(Beginning of DATA IN THIS EXERCISE)
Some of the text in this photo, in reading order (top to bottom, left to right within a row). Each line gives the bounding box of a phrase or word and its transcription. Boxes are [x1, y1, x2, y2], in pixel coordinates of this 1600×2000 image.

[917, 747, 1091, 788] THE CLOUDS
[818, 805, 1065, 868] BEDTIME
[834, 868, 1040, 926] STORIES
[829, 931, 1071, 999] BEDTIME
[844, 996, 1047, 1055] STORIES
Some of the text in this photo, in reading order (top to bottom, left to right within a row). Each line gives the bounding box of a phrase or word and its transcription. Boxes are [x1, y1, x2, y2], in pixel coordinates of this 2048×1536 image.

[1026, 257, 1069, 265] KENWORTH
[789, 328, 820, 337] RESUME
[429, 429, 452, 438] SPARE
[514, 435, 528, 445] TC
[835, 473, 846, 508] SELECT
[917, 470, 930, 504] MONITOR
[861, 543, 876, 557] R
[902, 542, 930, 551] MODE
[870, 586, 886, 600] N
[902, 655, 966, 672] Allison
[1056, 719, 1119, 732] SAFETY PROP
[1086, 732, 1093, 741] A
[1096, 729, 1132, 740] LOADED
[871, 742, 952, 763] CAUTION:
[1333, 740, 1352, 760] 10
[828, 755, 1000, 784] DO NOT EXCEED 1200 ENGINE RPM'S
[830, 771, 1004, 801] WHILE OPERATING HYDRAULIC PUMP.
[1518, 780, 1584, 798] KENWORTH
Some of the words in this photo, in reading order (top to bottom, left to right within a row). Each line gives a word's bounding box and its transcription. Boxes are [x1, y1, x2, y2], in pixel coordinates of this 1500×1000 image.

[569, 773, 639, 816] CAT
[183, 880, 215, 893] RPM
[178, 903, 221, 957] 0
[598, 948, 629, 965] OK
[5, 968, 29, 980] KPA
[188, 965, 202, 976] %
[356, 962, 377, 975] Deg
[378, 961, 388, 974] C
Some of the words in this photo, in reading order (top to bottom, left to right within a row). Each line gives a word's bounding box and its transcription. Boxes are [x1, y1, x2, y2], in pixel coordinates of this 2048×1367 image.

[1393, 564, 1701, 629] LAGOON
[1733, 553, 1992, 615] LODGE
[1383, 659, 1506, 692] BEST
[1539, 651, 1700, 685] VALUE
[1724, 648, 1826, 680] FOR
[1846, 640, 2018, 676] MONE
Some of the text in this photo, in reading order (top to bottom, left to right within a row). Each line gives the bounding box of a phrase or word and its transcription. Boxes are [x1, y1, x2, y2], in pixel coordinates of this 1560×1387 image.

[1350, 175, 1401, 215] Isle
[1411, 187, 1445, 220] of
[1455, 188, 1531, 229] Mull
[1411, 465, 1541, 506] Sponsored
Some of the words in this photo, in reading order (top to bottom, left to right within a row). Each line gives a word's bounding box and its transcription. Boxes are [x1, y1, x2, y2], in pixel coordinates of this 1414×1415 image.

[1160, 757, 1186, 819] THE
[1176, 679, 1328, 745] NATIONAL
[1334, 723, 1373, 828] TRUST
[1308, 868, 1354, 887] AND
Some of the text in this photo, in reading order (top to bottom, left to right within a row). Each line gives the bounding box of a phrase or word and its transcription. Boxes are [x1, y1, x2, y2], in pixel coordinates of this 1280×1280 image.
(End of DATA IN THIS EXERCISE)
→ **YOUR ASSIGNMENT**
Only a verbatim transcription of the lines from the one containing "this 1560×1387 image." through the last line of the records counts as the answer.

→ **COMPLETED EXERCISE**
Some of the text in this photo, in reading order (top to bottom, left to right within a row). Each line gives the bounding box of a phrase or word and its transcription. Boxes are [x1, y1, x2, y2], in pixel coordinates of this 1560×1387 image.

[1350, 175, 1401, 215] Isle
[1411, 187, 1445, 220] of
[1455, 188, 1531, 229] Mull
[1411, 465, 1541, 506] Sponsored
Some of the words in this photo, in reading order (top to bottom, left to right within a row). Each line gives a word's bounding box and its transcription. Boxes are [x1, y1, x2, y2], in pixel coordinates of this 1414×1415 image.

[1160, 757, 1186, 819] THE
[1176, 679, 1328, 745] NATIONAL
[1334, 723, 1373, 828] TRUST
[1308, 868, 1354, 887] AND
Some of the text in this photo, in reading order (top to bottom, left to right within a row). Each line gives the bounding box of a phrase or word and its transcription. Boxes are [x1, y1, x2, y2], in pixel coordinates of this 1280×1280 image.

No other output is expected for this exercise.